▶ _WORK INSTRUCTION_: The result should be an exact copy of every record, with no pictures kept.

[EXTRACTED ENTRIES]

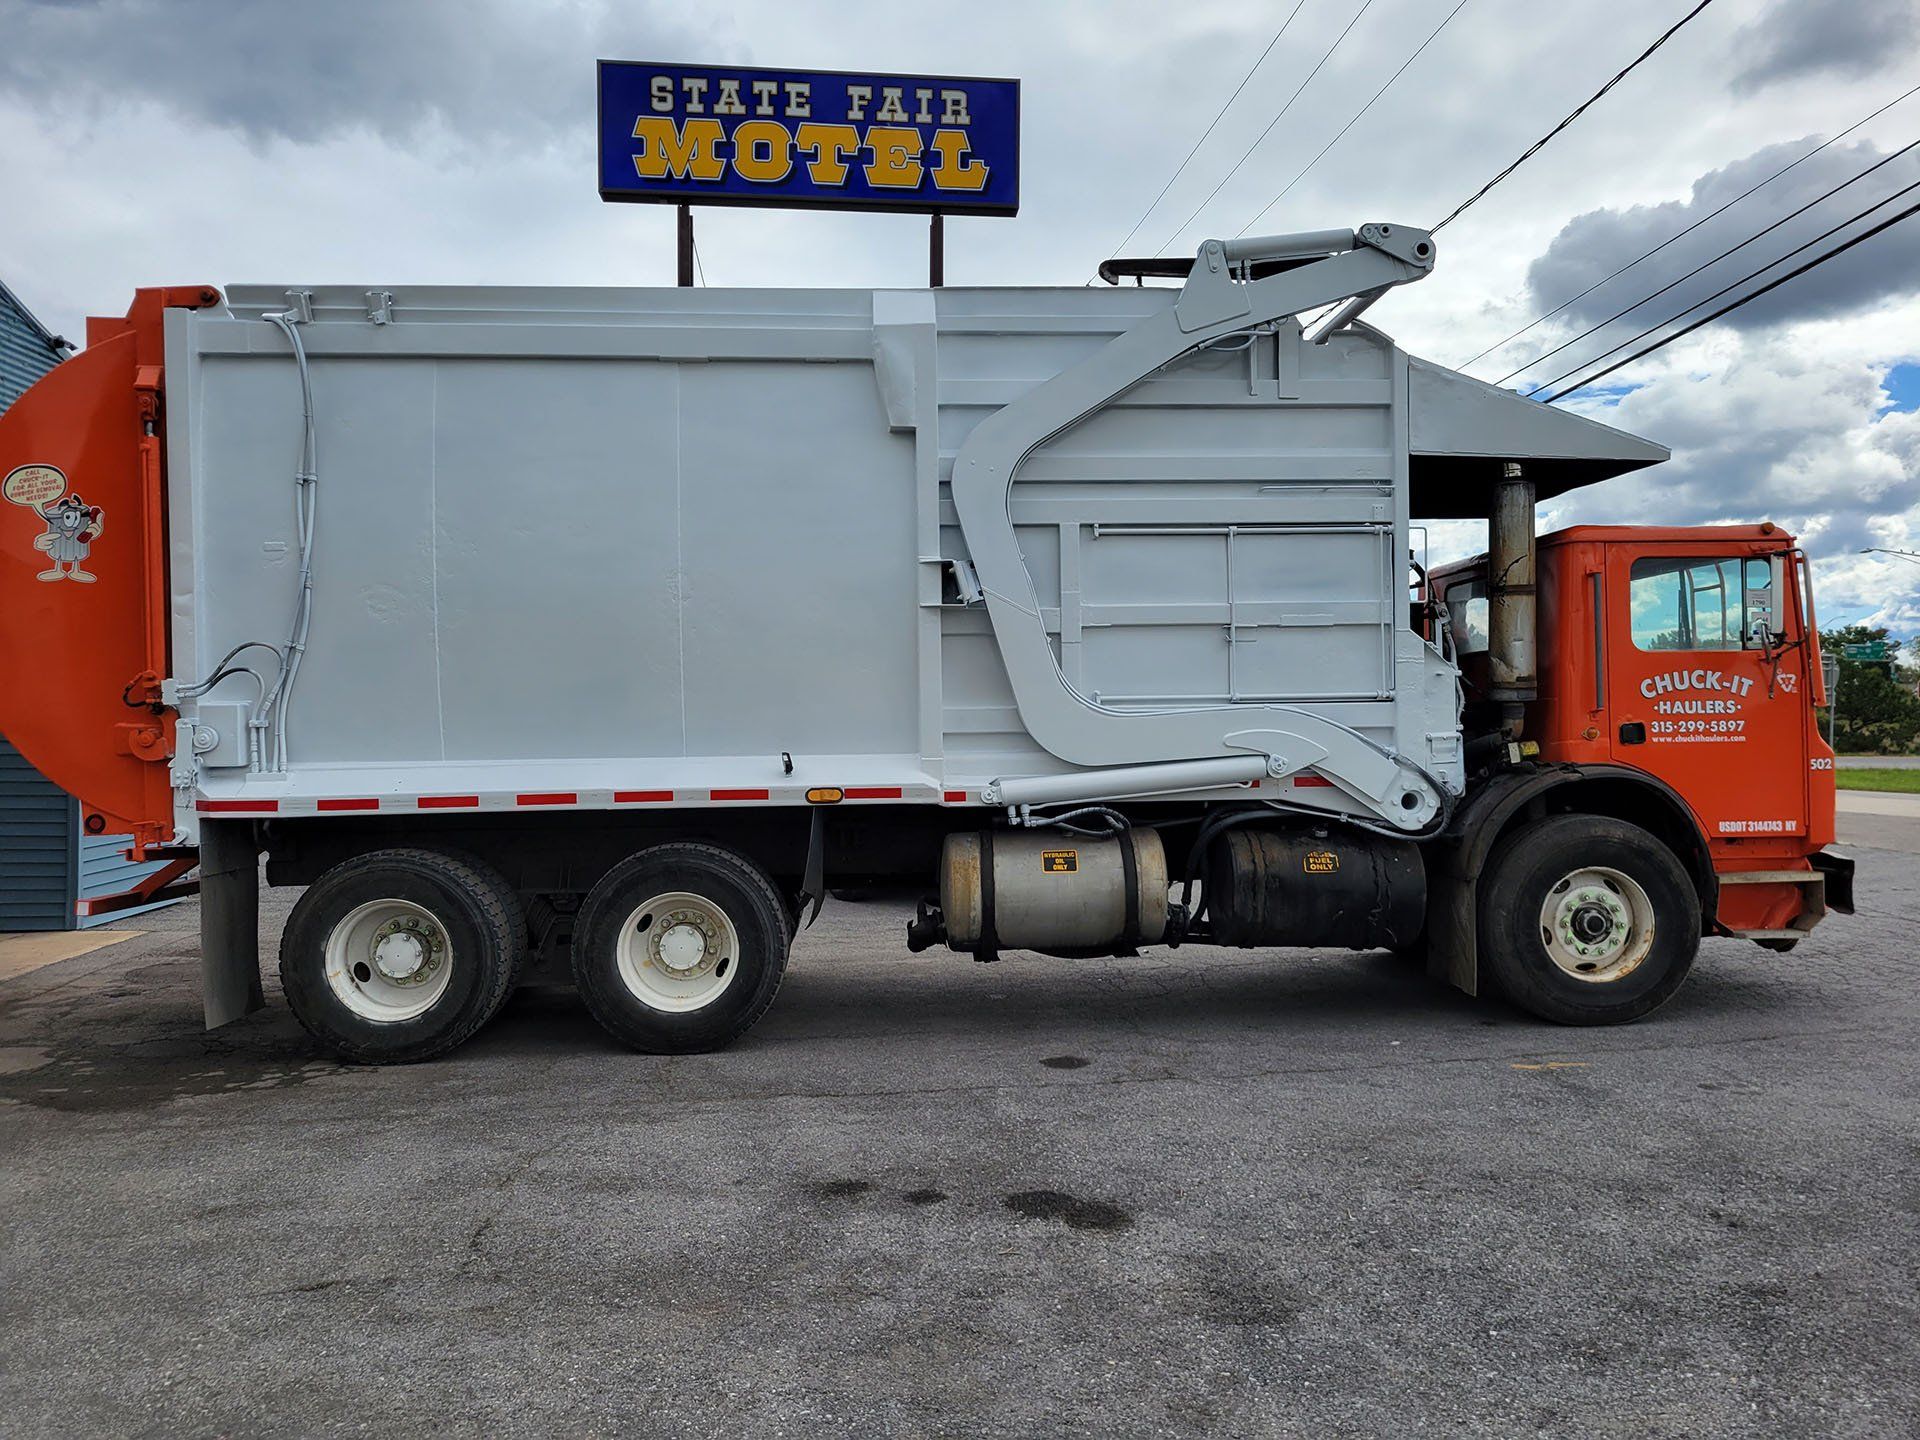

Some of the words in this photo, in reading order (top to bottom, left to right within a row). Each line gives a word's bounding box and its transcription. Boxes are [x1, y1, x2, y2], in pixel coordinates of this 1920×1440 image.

[650, 75, 811, 118] STATE
[846, 84, 971, 126] FAIR
[631, 115, 990, 191] MOTEL
[1640, 669, 1754, 698] CHUCK-IT
[1651, 734, 1746, 743] www.chuckithaulers.com
[1810, 758, 1832, 770] 502
[1719, 820, 1747, 832] USDOT
[1785, 820, 1797, 831] NY
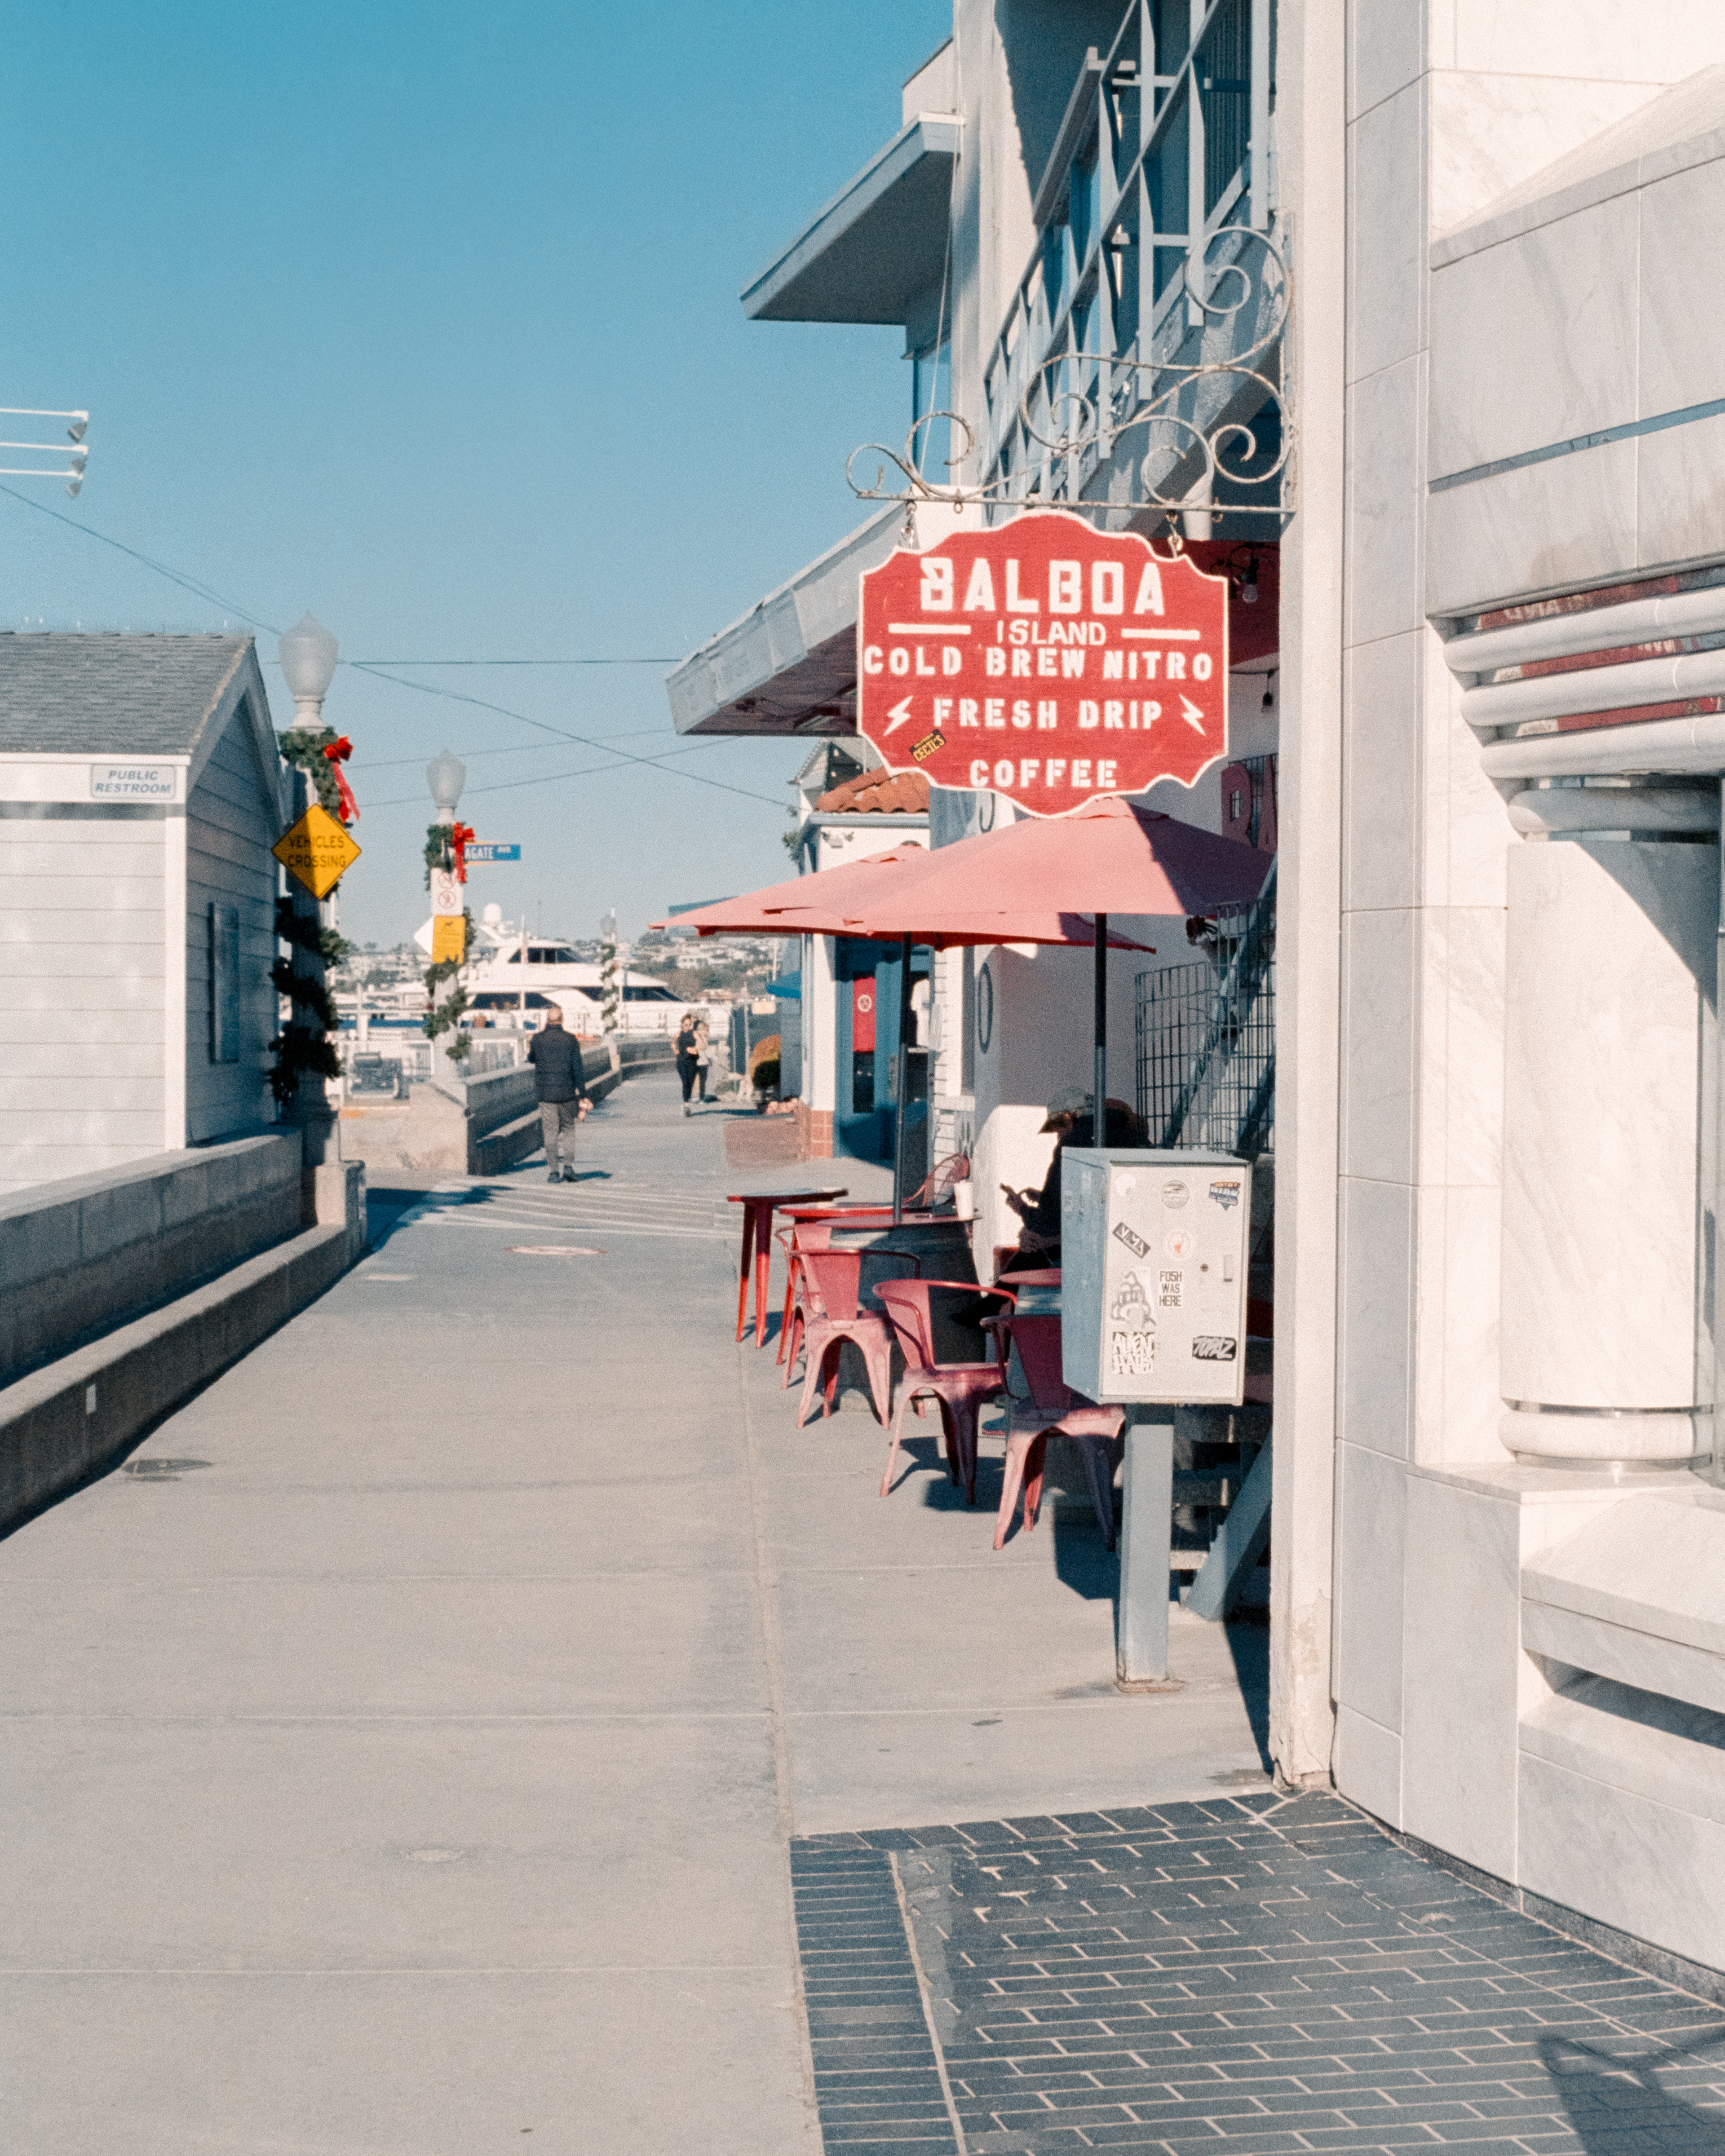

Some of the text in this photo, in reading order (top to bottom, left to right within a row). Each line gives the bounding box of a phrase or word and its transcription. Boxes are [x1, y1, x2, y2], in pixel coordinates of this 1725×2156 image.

[921, 557, 1165, 615] BALBOA
[997, 619, 1106, 646] ISLAND
[863, 646, 1212, 681] COLD BREW NITRO
[933, 698, 1163, 730] FRESH DRIP
[913, 735, 945, 762] CECIL'S
[108, 770, 159, 781] PUBLIC
[969, 759, 1118, 788] COFFEE
[95, 782, 171, 793] RESTROOM
[289, 835, 345, 848] VEHICLES
[464, 847, 494, 859] AGATE
[288, 854, 346, 867] CROSSING
[1162, 1283, 1180, 1294] WAS
[1159, 1295, 1181, 1307] HERE

[/EXTRACTED ENTRIES]

▶ _RESPONSE BELOW_:
Some of the words in this photo, in reading order (top to bottom, left to right within a row). Each line gives a word's bounding box and its transcription. Boxes are [x1, y1, x2, y2], in pixel coordinates of this 1920×1440 image.

[650, 75, 811, 118] STATE
[846, 84, 971, 126] FAIR
[631, 115, 990, 191] MOTEL
[1640, 669, 1754, 698] CHUCK-IT
[1651, 734, 1746, 743] www.chuckithaulers.com
[1810, 758, 1832, 770] 502
[1719, 820, 1747, 832] USDOT
[1785, 820, 1797, 831] NY

Some of the text in this photo, in reading order (top to bottom, left to right within a row). Each line gives the bounding box of a phrase or word and its transcription. Boxes are [x1, y1, x2, y2], in pixel coordinates of this 1725×2156 image.

[921, 557, 1165, 615] BALBOA
[997, 619, 1106, 646] ISLAND
[863, 646, 1212, 681] COLD BREW NITRO
[933, 698, 1163, 730] FRESH DRIP
[913, 735, 945, 762] CECIL'S
[108, 770, 159, 781] PUBLIC
[969, 759, 1118, 788] COFFEE
[95, 782, 171, 793] RESTROOM
[289, 835, 345, 848] VEHICLES
[464, 847, 494, 859] AGATE
[288, 854, 346, 867] CROSSING
[1162, 1283, 1180, 1294] WAS
[1159, 1295, 1181, 1307] HERE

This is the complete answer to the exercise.